▸ **Work task**: Return each record exactly as it appears, so that nothing is dropped or altered.

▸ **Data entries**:

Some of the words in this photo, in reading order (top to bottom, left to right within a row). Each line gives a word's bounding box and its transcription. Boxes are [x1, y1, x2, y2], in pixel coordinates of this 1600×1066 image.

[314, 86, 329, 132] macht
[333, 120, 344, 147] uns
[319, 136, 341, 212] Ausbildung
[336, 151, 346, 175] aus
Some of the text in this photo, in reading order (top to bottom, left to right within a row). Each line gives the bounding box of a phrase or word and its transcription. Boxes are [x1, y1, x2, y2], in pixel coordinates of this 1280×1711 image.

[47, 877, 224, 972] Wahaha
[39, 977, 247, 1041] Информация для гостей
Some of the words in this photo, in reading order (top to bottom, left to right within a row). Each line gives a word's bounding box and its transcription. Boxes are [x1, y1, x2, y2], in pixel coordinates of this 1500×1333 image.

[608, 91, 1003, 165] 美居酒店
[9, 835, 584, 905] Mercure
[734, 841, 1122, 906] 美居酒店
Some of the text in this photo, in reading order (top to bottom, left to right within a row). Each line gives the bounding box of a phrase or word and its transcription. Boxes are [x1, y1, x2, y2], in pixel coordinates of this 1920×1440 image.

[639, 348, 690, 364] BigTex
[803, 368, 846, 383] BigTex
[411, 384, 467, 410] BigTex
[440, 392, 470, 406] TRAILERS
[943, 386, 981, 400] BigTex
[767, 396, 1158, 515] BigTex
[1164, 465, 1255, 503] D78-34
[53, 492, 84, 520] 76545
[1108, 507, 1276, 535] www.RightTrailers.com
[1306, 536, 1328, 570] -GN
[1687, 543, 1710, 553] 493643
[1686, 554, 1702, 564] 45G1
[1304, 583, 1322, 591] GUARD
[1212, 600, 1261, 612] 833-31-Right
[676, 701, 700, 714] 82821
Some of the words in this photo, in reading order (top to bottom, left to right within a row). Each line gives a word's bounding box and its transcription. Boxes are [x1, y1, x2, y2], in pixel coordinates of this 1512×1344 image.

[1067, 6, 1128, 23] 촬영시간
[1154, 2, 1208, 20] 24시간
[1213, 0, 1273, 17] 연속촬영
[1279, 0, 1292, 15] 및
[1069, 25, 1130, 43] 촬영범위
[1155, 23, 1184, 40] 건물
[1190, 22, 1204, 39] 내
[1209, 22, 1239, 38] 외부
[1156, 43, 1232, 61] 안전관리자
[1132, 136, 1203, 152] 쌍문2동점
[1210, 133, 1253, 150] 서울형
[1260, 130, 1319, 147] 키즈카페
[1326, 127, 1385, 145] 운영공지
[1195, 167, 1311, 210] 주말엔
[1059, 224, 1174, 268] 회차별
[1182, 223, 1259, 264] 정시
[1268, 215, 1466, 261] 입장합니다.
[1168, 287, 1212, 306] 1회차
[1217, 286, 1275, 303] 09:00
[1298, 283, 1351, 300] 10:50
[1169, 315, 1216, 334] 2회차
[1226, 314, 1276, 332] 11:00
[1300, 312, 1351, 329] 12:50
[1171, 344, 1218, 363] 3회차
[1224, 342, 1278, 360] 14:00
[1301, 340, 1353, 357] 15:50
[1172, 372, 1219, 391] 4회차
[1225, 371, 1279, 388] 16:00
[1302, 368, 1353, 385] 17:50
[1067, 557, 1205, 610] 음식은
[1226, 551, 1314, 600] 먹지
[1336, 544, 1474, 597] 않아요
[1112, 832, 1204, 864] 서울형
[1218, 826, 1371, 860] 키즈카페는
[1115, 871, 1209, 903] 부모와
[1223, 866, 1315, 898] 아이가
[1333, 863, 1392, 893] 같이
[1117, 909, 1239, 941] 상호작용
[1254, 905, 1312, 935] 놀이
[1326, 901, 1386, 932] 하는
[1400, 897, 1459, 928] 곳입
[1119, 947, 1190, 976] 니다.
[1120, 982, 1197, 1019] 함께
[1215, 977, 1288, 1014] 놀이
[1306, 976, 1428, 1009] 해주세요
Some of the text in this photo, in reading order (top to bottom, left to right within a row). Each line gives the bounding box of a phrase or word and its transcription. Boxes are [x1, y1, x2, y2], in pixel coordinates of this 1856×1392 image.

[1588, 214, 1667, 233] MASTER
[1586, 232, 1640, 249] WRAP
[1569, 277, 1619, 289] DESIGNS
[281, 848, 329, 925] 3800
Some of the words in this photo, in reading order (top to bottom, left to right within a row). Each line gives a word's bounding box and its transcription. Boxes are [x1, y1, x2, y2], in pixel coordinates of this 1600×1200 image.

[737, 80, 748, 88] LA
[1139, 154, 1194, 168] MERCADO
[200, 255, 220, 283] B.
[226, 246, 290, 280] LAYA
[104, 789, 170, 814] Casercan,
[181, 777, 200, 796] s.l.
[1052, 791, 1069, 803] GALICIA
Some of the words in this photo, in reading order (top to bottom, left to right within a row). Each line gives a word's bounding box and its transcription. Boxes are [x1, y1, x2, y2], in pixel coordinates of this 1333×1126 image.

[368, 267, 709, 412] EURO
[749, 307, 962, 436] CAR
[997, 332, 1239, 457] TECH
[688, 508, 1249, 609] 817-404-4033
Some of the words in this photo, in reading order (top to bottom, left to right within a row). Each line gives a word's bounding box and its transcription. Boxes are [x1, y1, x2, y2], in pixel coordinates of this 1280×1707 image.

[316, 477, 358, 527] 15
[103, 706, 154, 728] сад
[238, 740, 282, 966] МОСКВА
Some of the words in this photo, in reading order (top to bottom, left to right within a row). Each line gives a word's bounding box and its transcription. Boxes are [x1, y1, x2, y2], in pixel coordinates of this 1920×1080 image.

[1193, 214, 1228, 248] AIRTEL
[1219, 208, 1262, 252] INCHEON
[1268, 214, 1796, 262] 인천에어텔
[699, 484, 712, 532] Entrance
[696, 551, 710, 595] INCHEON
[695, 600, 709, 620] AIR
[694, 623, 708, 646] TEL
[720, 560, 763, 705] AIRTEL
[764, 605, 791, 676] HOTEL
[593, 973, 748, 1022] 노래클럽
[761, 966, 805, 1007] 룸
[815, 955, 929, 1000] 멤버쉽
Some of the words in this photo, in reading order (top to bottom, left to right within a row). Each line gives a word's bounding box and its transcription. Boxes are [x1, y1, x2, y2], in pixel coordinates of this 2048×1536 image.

▸ **Task answer**:
Some of the words in this photo, in reading order (top to bottom, left to right within a row). Each line gives a word's bounding box and its transcription. Boxes are [x1, y1, x2, y2], in pixel coordinates of this 1600×1066 image.

[314, 86, 329, 132] macht
[333, 120, 344, 147] uns
[319, 136, 341, 212] Ausbildung
[336, 151, 346, 175] aus
Some of the text in this photo, in reading order (top to bottom, left to right within a row). Each line gives the bounding box of a phrase or word and its transcription. Boxes are [x1, y1, x2, y2], in pixel coordinates of this 1280×1711 image.

[47, 877, 224, 972] Wahaha
[39, 977, 247, 1041] Информация для гостей
Some of the words in this photo, in reading order (top to bottom, left to right within a row). Each line gives a word's bounding box and its transcription. Boxes are [x1, y1, x2, y2], in pixel coordinates of this 1500×1333 image.

[608, 91, 1003, 165] 美居酒店
[9, 835, 584, 905] Mercure
[734, 841, 1122, 906] 美居酒店
Some of the text in this photo, in reading order (top to bottom, left to right within a row). Each line gives the bounding box of a phrase or word and its transcription. Boxes are [x1, y1, x2, y2], in pixel coordinates of this 1920×1440 image.

[639, 348, 690, 364] BigTex
[803, 368, 846, 383] BigTex
[411, 384, 467, 410] BigTex
[440, 392, 470, 406] TRAILERS
[943, 386, 981, 400] BigTex
[767, 396, 1158, 515] BigTex
[1164, 465, 1255, 503] D78-34
[53, 492, 84, 520] 76545
[1108, 507, 1276, 535] www.RightTrailers.com
[1306, 536, 1328, 570] -GN
[1687, 543, 1710, 553] 493643
[1686, 554, 1702, 564] 45G1
[1304, 583, 1322, 591] GUARD
[1212, 600, 1261, 612] 833-31-Right
[676, 701, 700, 714] 82821
Some of the words in this photo, in reading order (top to bottom, left to right within a row). Each line gives a word's bounding box and its transcription. Boxes are [x1, y1, x2, y2], in pixel coordinates of this 1512×1344 image.

[1067, 6, 1128, 23] 촬영시간
[1154, 2, 1208, 20] 24시간
[1213, 0, 1273, 17] 연속촬영
[1279, 0, 1292, 15] 및
[1069, 25, 1130, 43] 촬영범위
[1155, 23, 1184, 40] 건물
[1190, 22, 1204, 39] 내
[1209, 22, 1239, 38] 외부
[1156, 43, 1232, 61] 안전관리자
[1132, 136, 1203, 152] 쌍문2동점
[1210, 133, 1253, 150] 서울형
[1260, 130, 1319, 147] 키즈카페
[1326, 127, 1385, 145] 운영공지
[1195, 167, 1311, 210] 주말엔
[1059, 224, 1174, 268] 회차별
[1182, 223, 1259, 264] 정시
[1268, 215, 1466, 261] 입장합니다.
[1168, 287, 1212, 306] 1회차
[1217, 286, 1275, 303] 09:00
[1298, 283, 1351, 300] 10:50
[1169, 315, 1216, 334] 2회차
[1226, 314, 1276, 332] 11:00
[1300, 312, 1351, 329] 12:50
[1171, 344, 1218, 363] 3회차
[1224, 342, 1278, 360] 14:00
[1301, 340, 1353, 357] 15:50
[1172, 372, 1219, 391] 4회차
[1225, 371, 1279, 388] 16:00
[1302, 368, 1353, 385] 17:50
[1067, 557, 1205, 610] 음식은
[1226, 551, 1314, 600] 먹지
[1336, 544, 1474, 597] 않아요
[1112, 832, 1204, 864] 서울형
[1218, 826, 1371, 860] 키즈카페는
[1115, 871, 1209, 903] 부모와
[1223, 866, 1315, 898] 아이가
[1333, 863, 1392, 893] 같이
[1117, 909, 1239, 941] 상호작용
[1254, 905, 1312, 935] 놀이
[1326, 901, 1386, 932] 하는
[1400, 897, 1459, 928] 곳입
[1119, 947, 1190, 976] 니다.
[1120, 982, 1197, 1019] 함께
[1215, 977, 1288, 1014] 놀이
[1306, 976, 1428, 1009] 해주세요
Some of the text in this photo, in reading order (top to bottom, left to right within a row). Each line gives the bounding box of a phrase or word and its transcription. Boxes are [x1, y1, x2, y2], in pixel coordinates of this 1856×1392 image.

[1588, 214, 1667, 233] MASTER
[1586, 232, 1640, 249] WRAP
[1569, 277, 1619, 289] DESIGNS
[281, 848, 329, 925] 3800
Some of the words in this photo, in reading order (top to bottom, left to right within a row). Each line gives a word's bounding box and its transcription. Boxes are [x1, y1, x2, y2], in pixel coordinates of this 1600×1200 image.

[737, 80, 748, 88] LA
[1139, 154, 1194, 168] MERCADO
[200, 255, 220, 283] B.
[226, 246, 290, 280] LAYA
[104, 789, 170, 814] Casercan,
[181, 777, 200, 796] s.l.
[1052, 791, 1069, 803] GALICIA
Some of the words in this photo, in reading order (top to bottom, left to right within a row). Each line gives a word's bounding box and its transcription. Boxes are [x1, y1, x2, y2], in pixel coordinates of this 1333×1126 image.

[368, 267, 709, 412] EURO
[749, 307, 962, 436] CAR
[997, 332, 1239, 457] TECH
[688, 508, 1249, 609] 817-404-4033
Some of the words in this photo, in reading order (top to bottom, left to right within a row). Each line gives a word's bounding box and its transcription. Boxes are [x1, y1, x2, y2], in pixel coordinates of this 1280×1707 image.

[316, 477, 358, 527] 15
[103, 706, 154, 728] сад
[238, 740, 282, 966] МОСКВА
Some of the words in this photo, in reading order (top to bottom, left to right within a row). Each line gives a word's bounding box and its transcription. Boxes are [x1, y1, x2, y2], in pixel coordinates of this 1920×1080 image.

[1193, 214, 1228, 248] AIRTEL
[1219, 208, 1262, 252] INCHEON
[1268, 214, 1796, 262] 인천에어텔
[699, 484, 712, 532] Entrance
[696, 551, 710, 595] INCHEON
[695, 600, 709, 620] AIR
[694, 623, 708, 646] TEL
[720, 560, 763, 705] AIRTEL
[764, 605, 791, 676] HOTEL
[593, 973, 748, 1022] 노래클럽
[761, 966, 805, 1007] 룸
[815, 955, 929, 1000] 멤버쉽
Some of the words in this photo, in reading order (top to bottom, left to right within a row). Each line gives a word's bounding box and its transcription. Boxes are [x1, y1, x2, y2], in pixel coordinates of this 2048×1536 image.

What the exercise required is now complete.